Bonjour les amis,
Désolé pour ce contretemps mais voilà trois jours que je n’ai pas une minute à moi et pas moyen d’accéder à l’ordinateur. C’était l’effervescence ici et j’ai eu un mal fou à obtenir une malheureuse promenade quotidienne.
Enfin me revoilà et … où en étais-je … Ah oui, Tim et moi sommes restés un bon moment dans ce fourré plein d’épines et de je ne sais quoi. Et puis nous avons décidé de bouger et de reprendre le chemin du retour. Nous avons couru à bonne allure en nous relayant pour porter la laisse chacun notre tour.
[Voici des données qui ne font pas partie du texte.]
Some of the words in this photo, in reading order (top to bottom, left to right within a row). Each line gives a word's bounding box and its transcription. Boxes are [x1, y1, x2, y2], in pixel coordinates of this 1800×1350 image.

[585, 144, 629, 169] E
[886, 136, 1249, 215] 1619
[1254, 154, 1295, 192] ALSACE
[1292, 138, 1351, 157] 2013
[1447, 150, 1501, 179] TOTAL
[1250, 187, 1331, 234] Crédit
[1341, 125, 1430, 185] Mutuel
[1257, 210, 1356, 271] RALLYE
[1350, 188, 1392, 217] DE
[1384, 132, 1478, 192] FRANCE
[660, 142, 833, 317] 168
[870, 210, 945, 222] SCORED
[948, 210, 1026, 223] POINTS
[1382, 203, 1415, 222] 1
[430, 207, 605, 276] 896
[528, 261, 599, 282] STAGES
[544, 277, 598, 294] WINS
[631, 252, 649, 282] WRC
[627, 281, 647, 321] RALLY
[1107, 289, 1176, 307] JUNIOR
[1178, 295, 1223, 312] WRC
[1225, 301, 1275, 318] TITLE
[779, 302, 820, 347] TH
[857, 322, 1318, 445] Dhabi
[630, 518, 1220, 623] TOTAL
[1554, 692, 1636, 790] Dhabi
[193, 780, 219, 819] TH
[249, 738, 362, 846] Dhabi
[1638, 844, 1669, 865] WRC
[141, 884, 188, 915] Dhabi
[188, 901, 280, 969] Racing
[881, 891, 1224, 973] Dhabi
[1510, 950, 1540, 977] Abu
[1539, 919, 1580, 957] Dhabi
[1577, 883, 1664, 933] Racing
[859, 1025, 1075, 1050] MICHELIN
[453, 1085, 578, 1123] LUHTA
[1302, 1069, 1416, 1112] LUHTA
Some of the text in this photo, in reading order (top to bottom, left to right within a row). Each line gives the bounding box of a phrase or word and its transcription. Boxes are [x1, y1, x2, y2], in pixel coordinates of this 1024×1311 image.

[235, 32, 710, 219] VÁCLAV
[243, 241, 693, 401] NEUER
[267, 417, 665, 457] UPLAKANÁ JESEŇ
Non pas que ce fût lourd, mais essayez donc de courir longtemps avec un objet coincé dans la bouche.
Une fois arrivés devant chez Tim, nous nous sommes mis d’accord pour nous retrouver le lendemain à la même heure ; car ce n’était pas tout d’avoir retrouvé la laisse, encore fallait-il retrouver Cooper.
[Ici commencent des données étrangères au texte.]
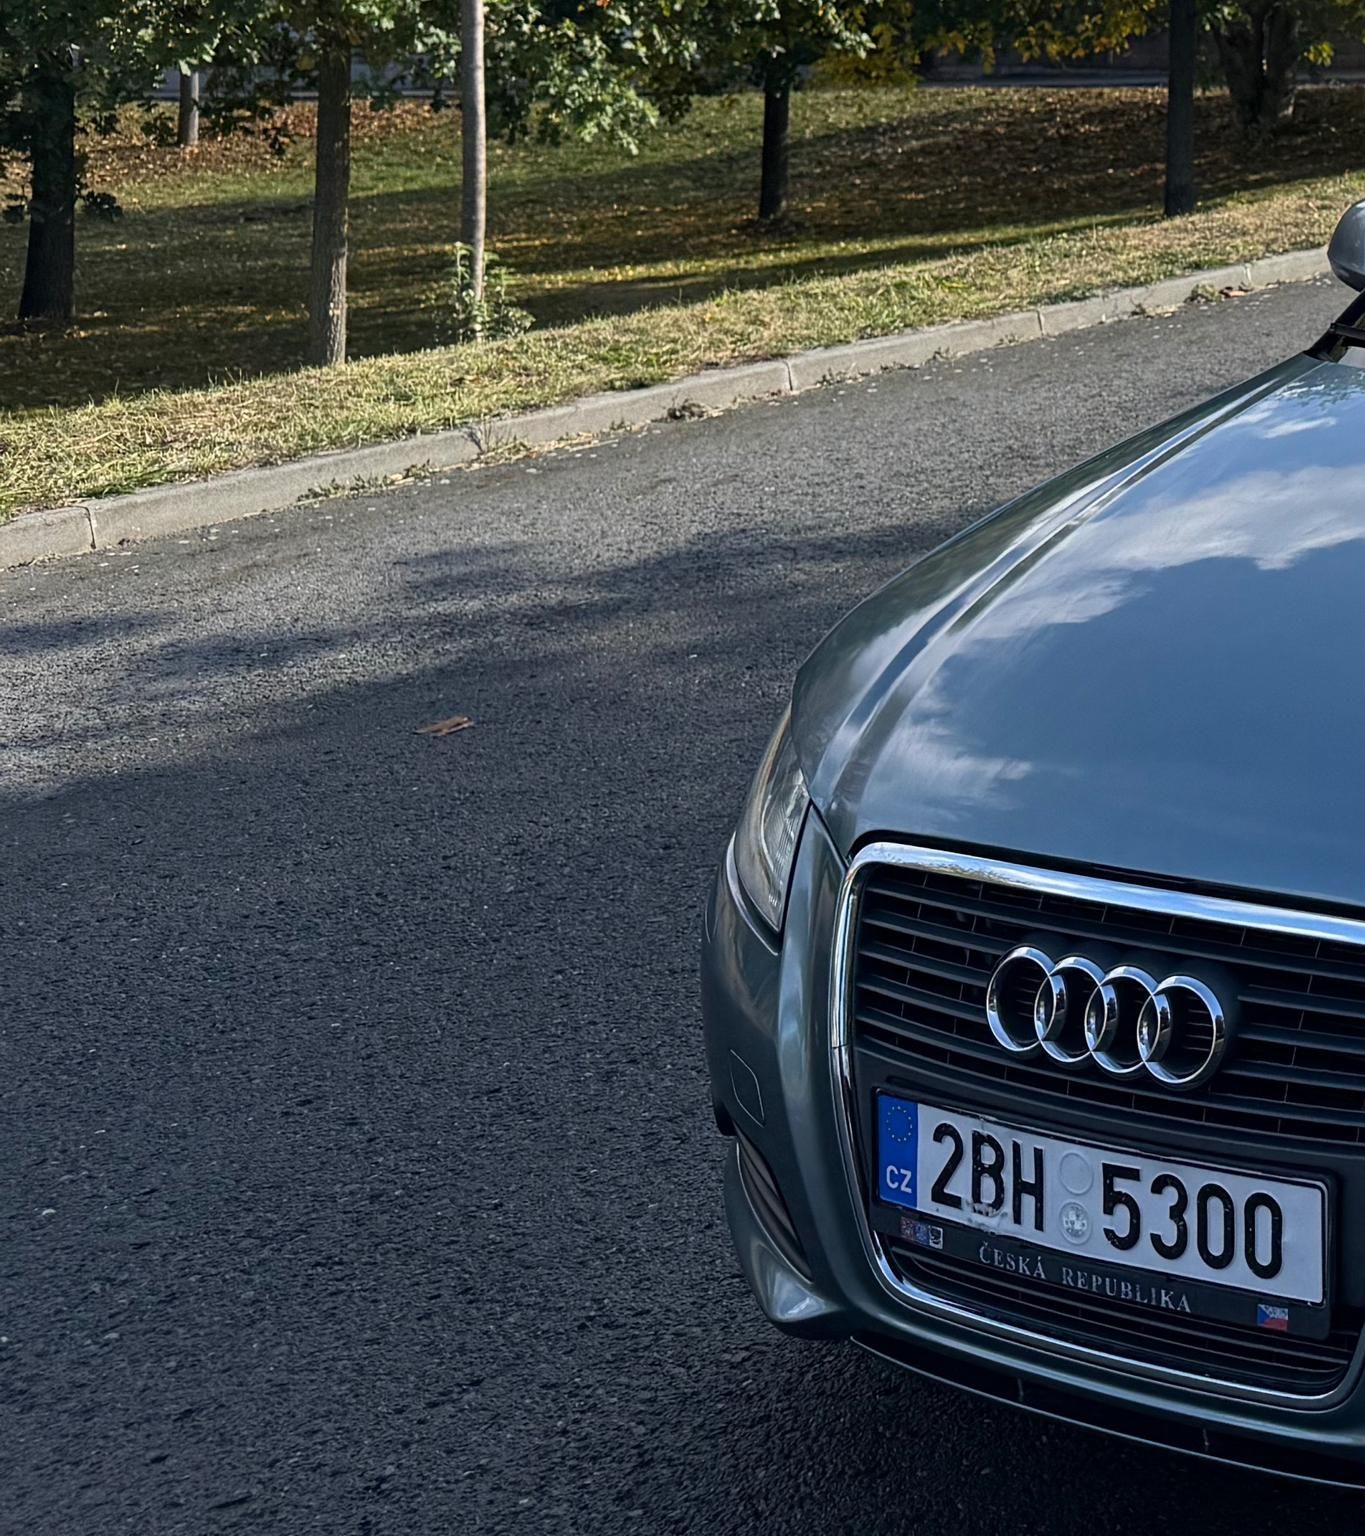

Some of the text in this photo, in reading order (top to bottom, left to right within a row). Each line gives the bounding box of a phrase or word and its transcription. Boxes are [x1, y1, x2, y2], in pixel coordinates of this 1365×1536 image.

[886, 1165, 912, 1194] CZ
[931, 1122, 1283, 1280] 2BH 5300
[979, 1241, 1192, 1313] ČESKÁ REPUBLIKA
Nous avons donc convenu que je viendrai le chercher demain à minuit ; c’est vrai que c’est tard mais il nous faut être très prudents car la maitresse de Tim n’est pas la plus douce des maitresses ; on peut même dire qu’elle a la main lourde et l’humeur chatouilleuse. Alors pas question que mon Timmy se prenne une autre dérouillée par ma faute.
En principe le portillon du jardin de Cooper reste ouvert et s’il ne l’est pas alors nous nous débrouillerons toujours pour passer de l’autre côté. Et si les chats nous laissent investiguer en paix, alors ce sera du gâteau.
Je vous dis à demain ou à tout à l’heure car j’ai une sieste à faire. Figurez-vous qu’hier les deux gamines m’ont couru après pendant des heures et moi bien sûr j’ai joué le jeu, vous pensez bien, j’aime les gosses.